PHP Server Side Set Value versus Set Session - Performance/Memory Differences?

Do any of you PHP gurus know if there will be a performance or memory hit of any significance if I use Set Session versus Set Value when calculating 8-10 invoice related values doing some simple maths?

Only if you’re running IIS on Windows95 through a modem using a Netscape Beta!

:wink:

3 Likes

I don’t think those calculation will take a lot of memory. The value is being kept in memory only, the sessions will be in memory also, but it also saves to a file on disk. The session will also load again on the next server call. You should not put large data sets in sessions, only small data that needs to be shared between page loads.

2 Likes

Hahaha, agreed, but my US Robotics 36k modem was rock solid and sang a lovely tune too.

2 Likes

I am sure my first modem was a 1200 ie 1.2k !!!
Those were the days hey?!?!

2 Likes

All about the Baud! :smiley:

2 Likes

Guys come on… I’m asking a serious question and you’re in some old time reminiscing of last century’s technology! :rofl:

What I meant was not will one person see a 10 second pause in the app, bit whether sessions would use much more resource when I have 1000 people using my booking form at the same time.

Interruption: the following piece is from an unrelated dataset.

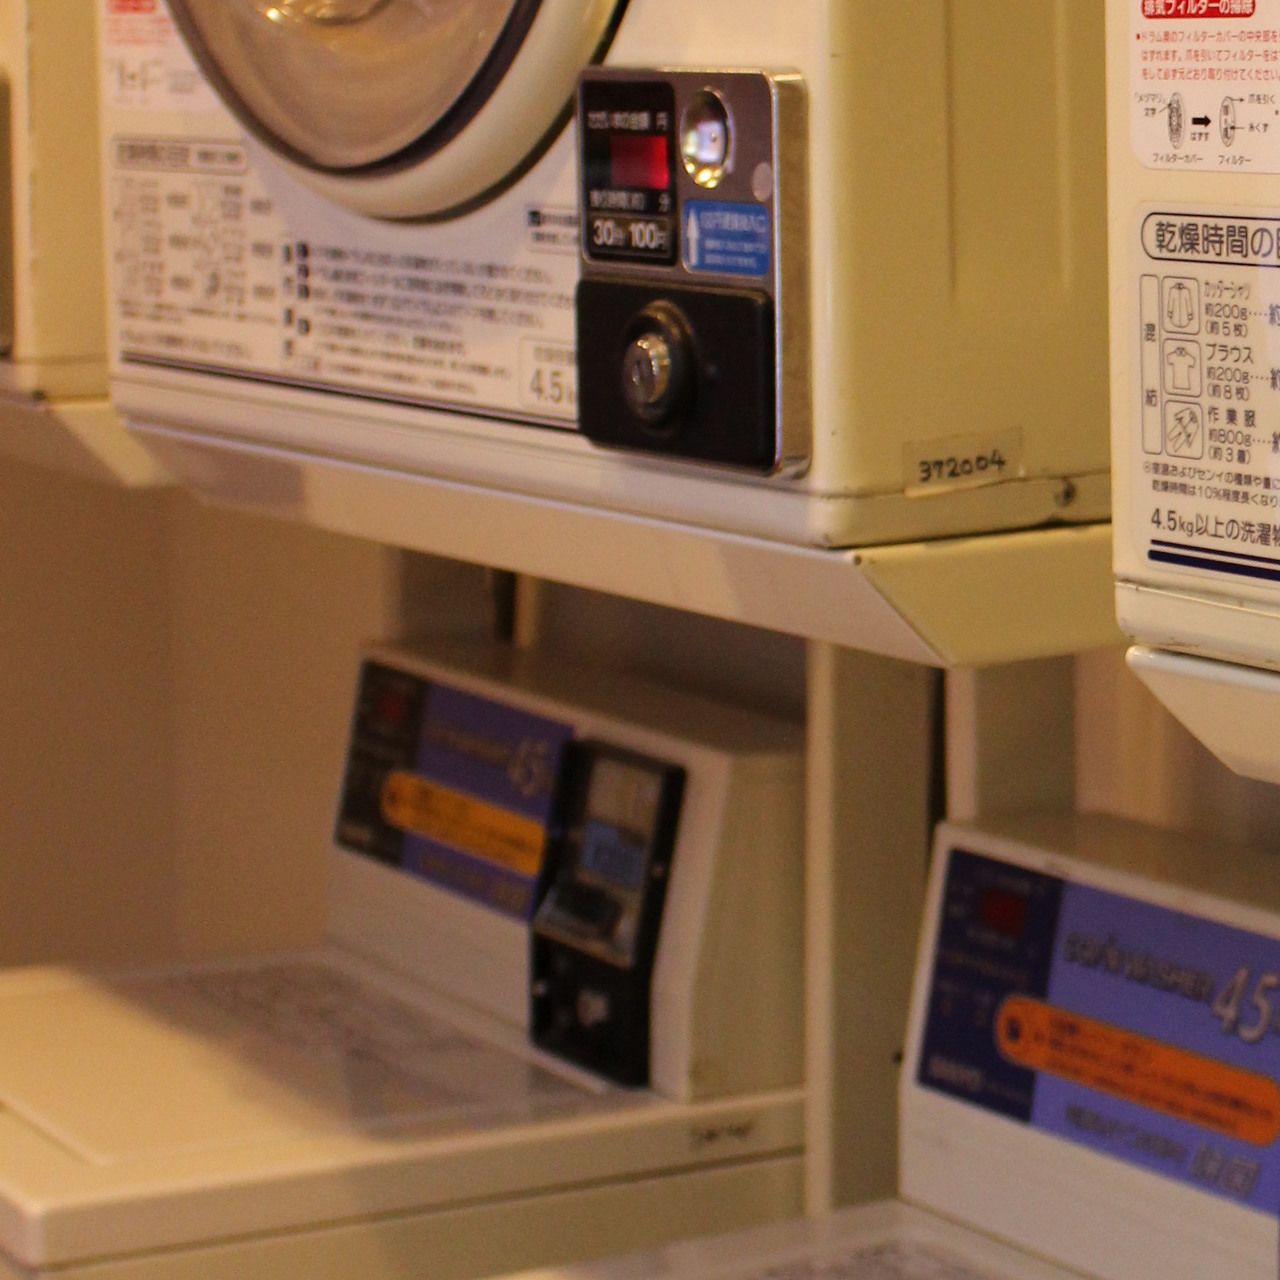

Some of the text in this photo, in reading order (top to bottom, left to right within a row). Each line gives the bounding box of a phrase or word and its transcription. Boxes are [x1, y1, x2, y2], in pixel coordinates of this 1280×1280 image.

[1206, 343, 1255, 365] ブラウス
[917, 448, 1006, 483] 372004
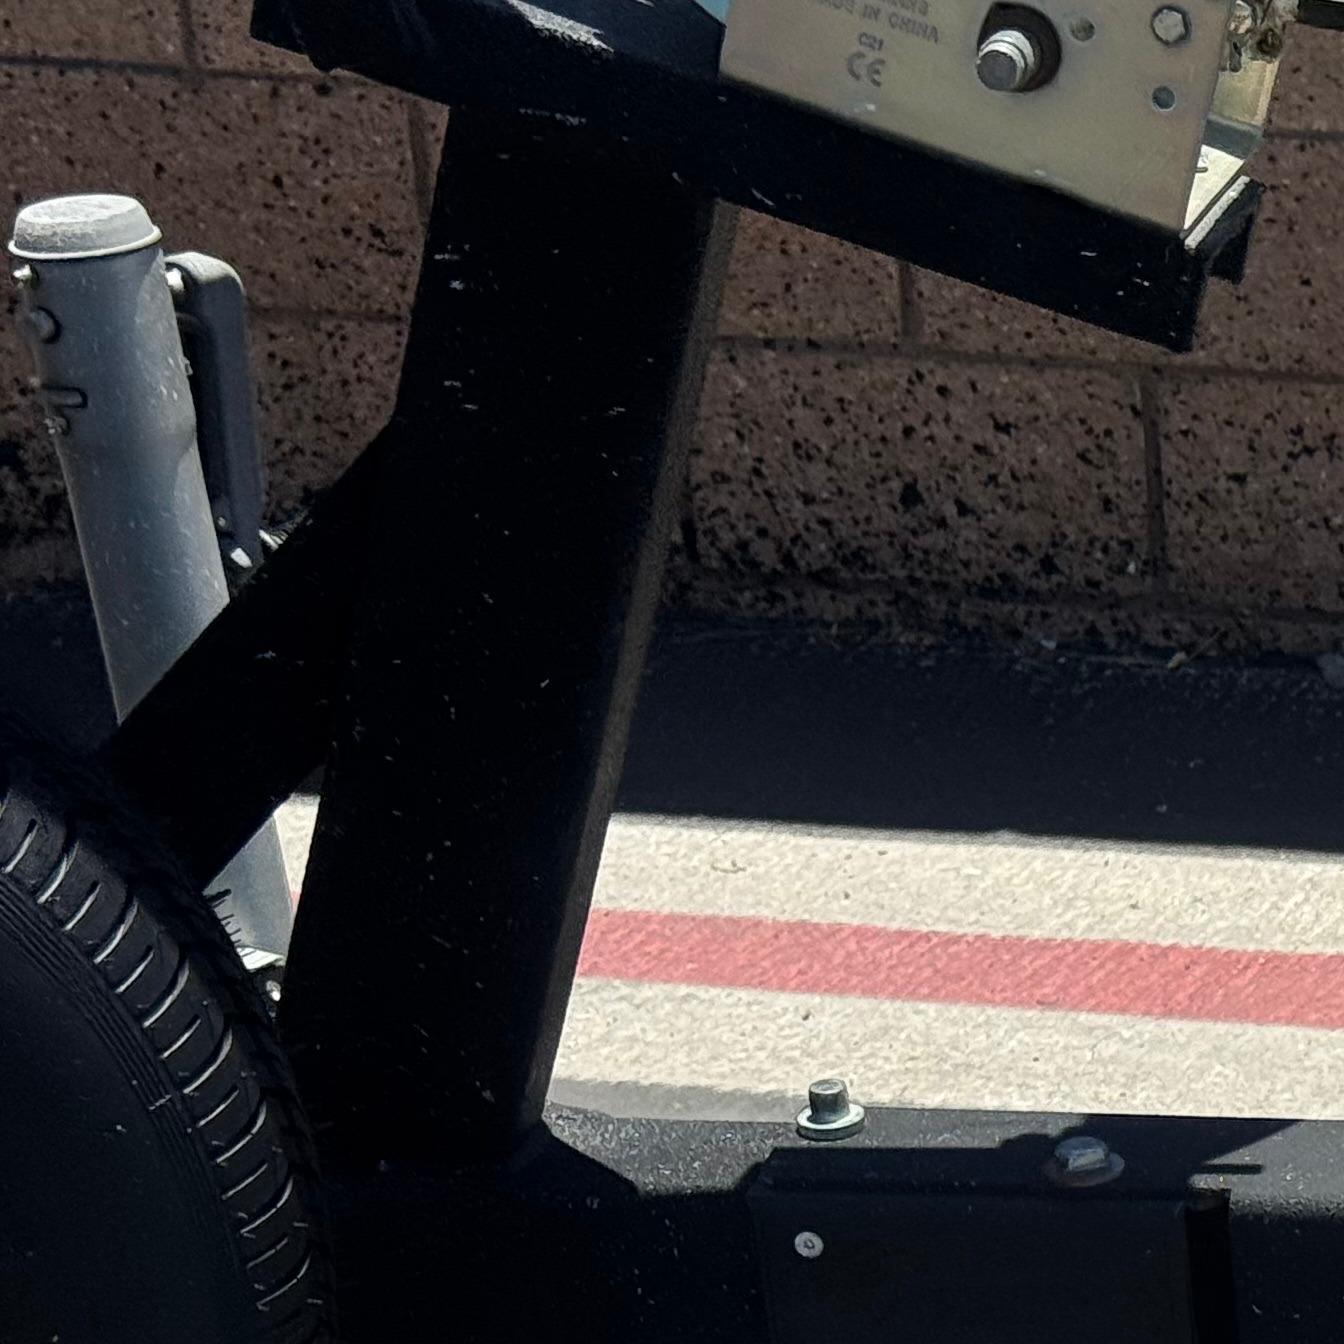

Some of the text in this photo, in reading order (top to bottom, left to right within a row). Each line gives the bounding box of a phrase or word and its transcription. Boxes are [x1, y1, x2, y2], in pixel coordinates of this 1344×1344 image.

Sorry for the lack of clarity… :joy:

We like to reminisce, we need to reminisce, it keeps us old folk sane!

4 Likes

@Antony

As your user base grows scalability becomes incredibly important (obviously). With this your hardware changes to keep up. We have several systems deployed with many thousands of users where sessions are created, destroyed, created, destroyed, etc (with as little as 48gb of memory on them, our higher tier servers are loaded with 768gb). The resource demand is tiny in the grand scheme of things. What you need to consider is maintenance of large projects. Removing the unnecessary repeated calls to databases, cache as much as you can client side, comment everything. Stress test by simulating user loads. Monitor your server logs, basic things. Then make small incremental changes, run test queries on your database (https://github.com/ErikEJ/SqlQueryStress). Iron out the bugs, everything must be efficient before you can have a good control to base your changes on so you can at least monitor them. Sessions really are not the overwhelming factor in providing services to tens of thousands of users. Its more about the design and deployment of your project being the most stream-lined and efficient possible. No point in worrying about sessions if your page is overwhelmed with dozens of queries, bells and whistles. Only include what is absolutely required for functionality. Function before form, and the good old K.I.S.S philosophy of Keep It Simple Stupid. Get all that in place then you can really gain an opinion of how various factor such as how session generation effects performance globally across your infrastructure. Load balance as necessary and always invest in the best possible technology that is at least 50% above what you think you’ll need, then you’ll have room to grow your operation and scale as required. Up-time and availability are everything. If your server dies your users will get pissed, and if you are in a competitive market they will shift. Be prepared for rapid uptake and then if it does not transpire you can always decrease your capacity and shrink your operation with no adverse issues, where by the opposite scenario could see your project fall flat on its face in failure, appear on Reddit, be mocked, or even worse memed… Oh the fear! :wink:

4 Likes

Short Answer
A virtually immeasurable difference which will only start to even show when your userbase grows to tens of thousands.

1 Like

One perhaps rather obvious point: use whichever option is most suitable for the task. I wouldn’t use a session if all I needed was a variable.

1 Like

Good point! Which raises the question… Is the scope of a variable in a server action confined to that server action, or to the PHP page?

I’m not sure what you mean. The server action is a PHP page.

So if I say this in a server action:

one

is the value of one available in another server action which is called from the same pagename.php file.

I know I can try it out but just haven’t got around to it! :slight_smile:

:rocket: …and opportunity! :rocket:

1 Like

I haven’t tried it either, but I’m sure it wouldn’t be.